Chi ha detto che le botte non servono? Quelle di Genova, date vent’anni fa a chi manifestava contro le decisioni che i potenti della terra avrebbero preso nel G8, sono servite e come. Quelle botte, la vita stroncata di Carlo Giuliani hanno bloccato, fino a cancellarlo, un grande movimento politico internazionale le cui ragioni, proprio in questi ultimi anni, ritornano a mostrare la loro fondatezza e lungimiranza. Nei commenti su quel giorno drammatico si preferisce soffermarsi sulle crudeltà delle forze dell’ordine, Carabinieri e Polizia di Stato, perpetuate nella Caserma Diaz e nel corso di tutta la manifestazione, che portarono alla morte di Carlo Giuliani, ma si stenta a riconoscere le ragioni politiche e culturali di quel movimento. Quel luglio 2001 è emblematico anche perché in Italia ci fu il cambio di guardia al governo del Paese così come nei maggiori paesi rappresentati nel summit. Da D’Alema a Berlusconi in Italia. Uno scelse Genova e ne predispose l’organizzazione, l’altro lo gestì. Responsabilità differenti, certo ma solo in parte. Uno predispose la blindatura della città, l’altro, lo scrive chi ne ha ricostruito la cronaca, si occupò dell’estetica decidendo colori e piante per l’addobbo lasciando al suo vicepresidente, l’ex missino Fini, la gestione militare.

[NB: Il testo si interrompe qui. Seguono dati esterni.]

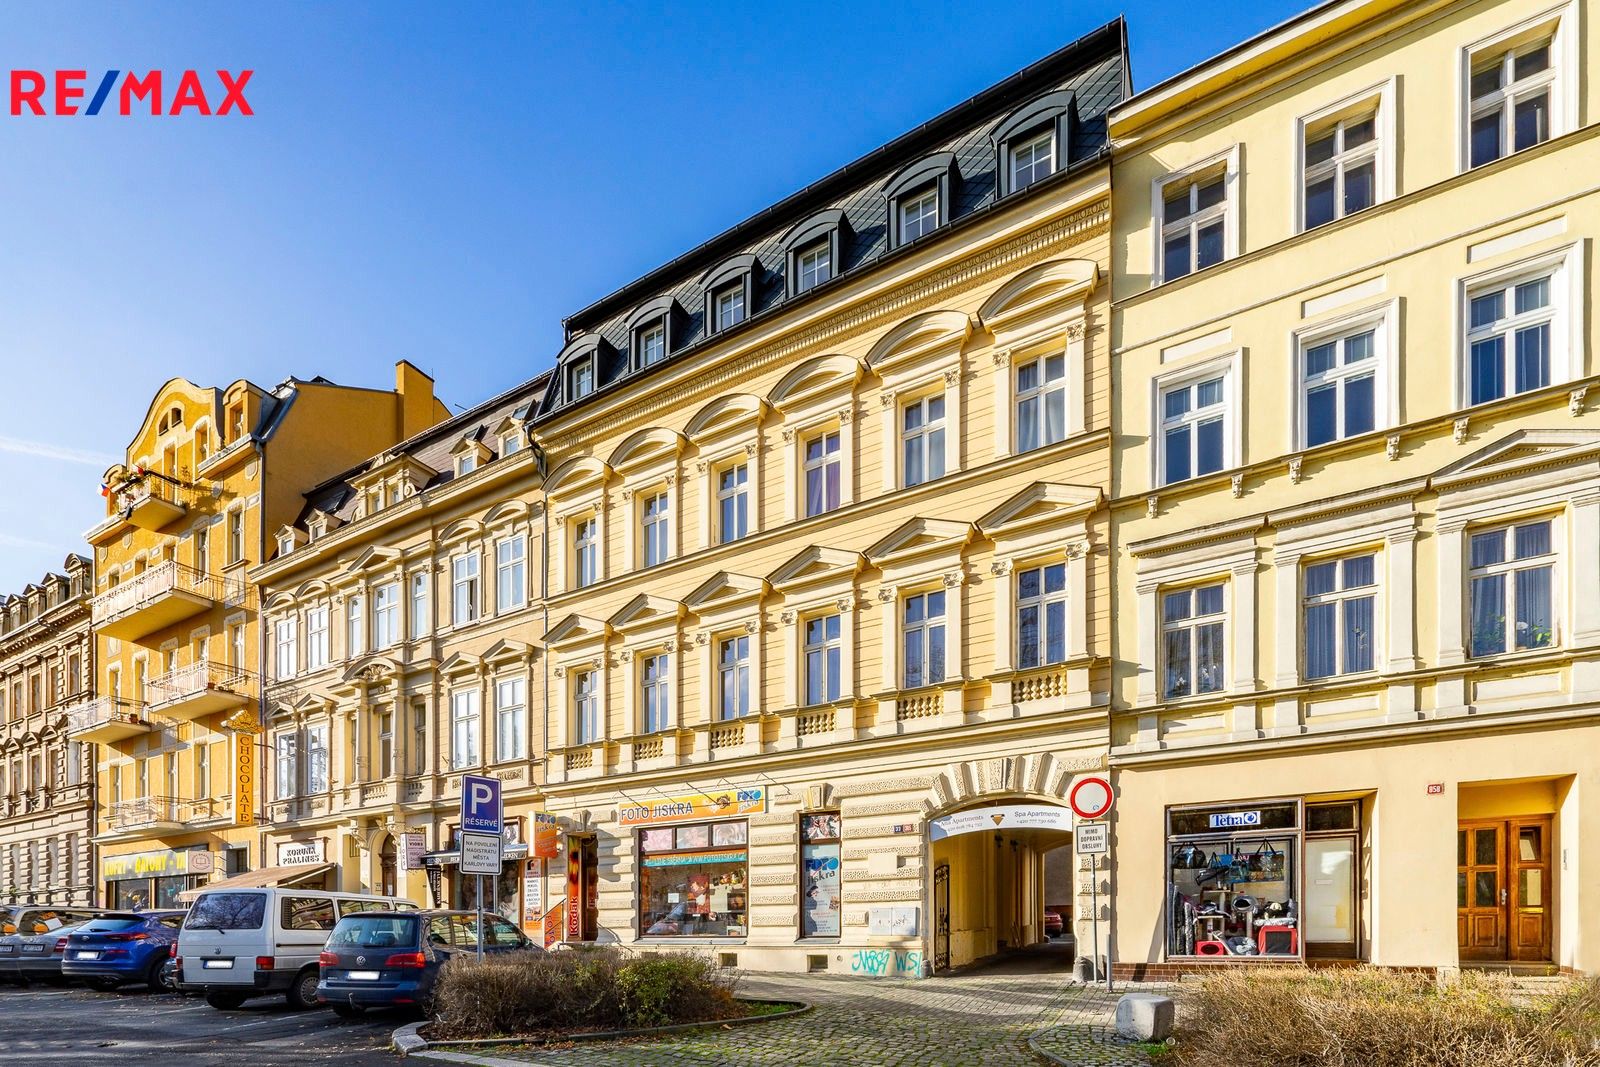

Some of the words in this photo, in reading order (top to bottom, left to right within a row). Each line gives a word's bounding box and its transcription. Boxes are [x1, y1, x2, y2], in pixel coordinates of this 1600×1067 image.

[239, 736, 250, 822] CHOCOLATE
[471, 783, 493, 814] P
[621, 807, 649, 821] FOTO
[653, 802, 693, 818] JISKRA
[952, 815, 984, 825] Apartments
[1211, 814, 1243, 827] Tetra
[283, 855, 320, 865] PRALINES
[806, 857, 839, 872] FOTO
[569, 895, 578, 936] Kodak
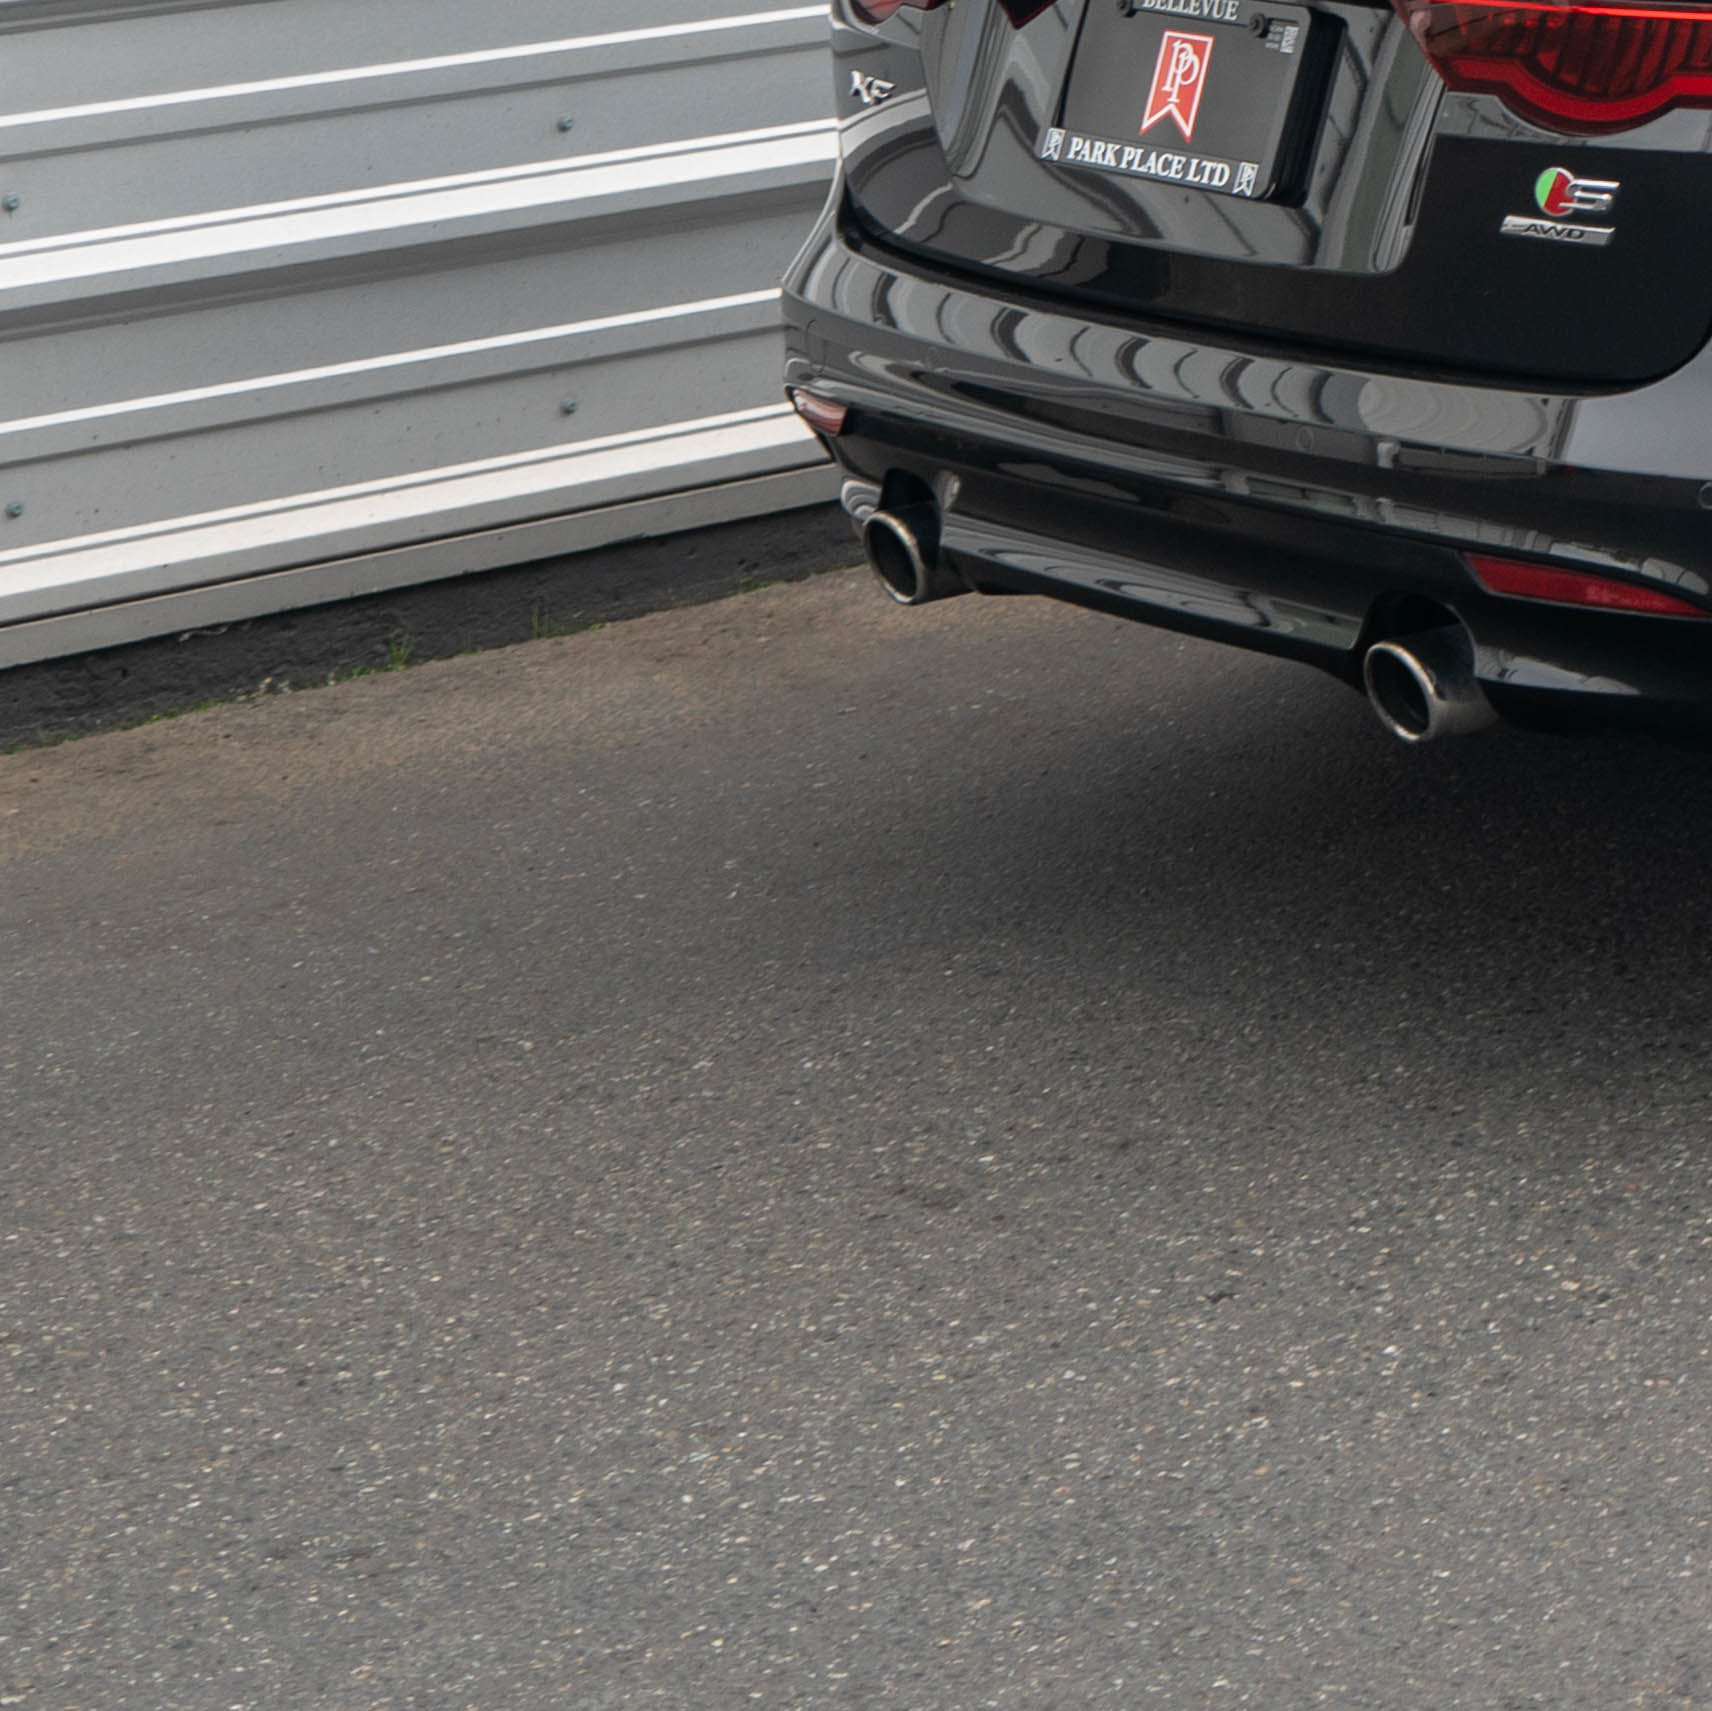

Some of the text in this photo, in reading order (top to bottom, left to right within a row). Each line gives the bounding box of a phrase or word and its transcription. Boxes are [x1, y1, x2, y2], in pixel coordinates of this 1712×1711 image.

Il movimento allora era espressione di una contestazione che aveva radici in tutte le parti del mondo. Erano anni in cui gli apparati politici si stavano riorganizzando, come la servitù di corte quando cambiava il sovrano, per assecondare e sostenere le scelte dei gruppi economici e finanziari dominanti. A Genova nel 2001 si è messo in atto un omicidio politico di grandi dimensioni, ma anche il suicidio delle classi dirigenti politiche dei paesi ricchi. Uccisero sapendo di essere uccise. Purtroppo non sempre e solo metaforicamente.
Prima durante e dopo quel fatidico giorno, si sono sempre sottaciute, ignorate se non vilipese, le ragioni di quel movimento e si è cercato di riportare tutto nel binario classico del sistema che si autoregola. Gli eccessi nella repressione di Genova sono stati “individuati e corretti”, quindi il sistema si è ancora una volta autoassolto. Le conseguenze sulla vita, le speranze, le ambizioni di un’intera generazione sono state cancellate. Quel tentativo estremo, che quel movimento disegnava, di ricucire strappi generazionali, di ridar vita a chi in anni precedenti aveva lottato per una società diversa e meno diseguale, fu mandato in fumo, dato in pasto ai lacrimogeni e ai manganelli. Dopo è stato semplice scrivere articoli o libri come “gli sdraiati”. Anche allora, quell’informe organizzazione politica nata dalle ceneri del PCI non seppe scorgere l’occasione per ridefinire il proprio ruolo e funzione, preoccupata com’era di leccarsi le ferite per aver perso la guida del governo del Paese. Genova, forse ancor più dell’89, anno della caduta del muro di Berlino, segna la vera svolta, conferma sul piano sociale quella che fu una sconfitta politica ed istituzionale che scompaginò i rapporti di forza economici e militari a livello globale. Per qualche decennio la resistenza sociale continuò a manifestarsi e bisognava stroncarla definitivamente, e Genova ne fu l’occasione.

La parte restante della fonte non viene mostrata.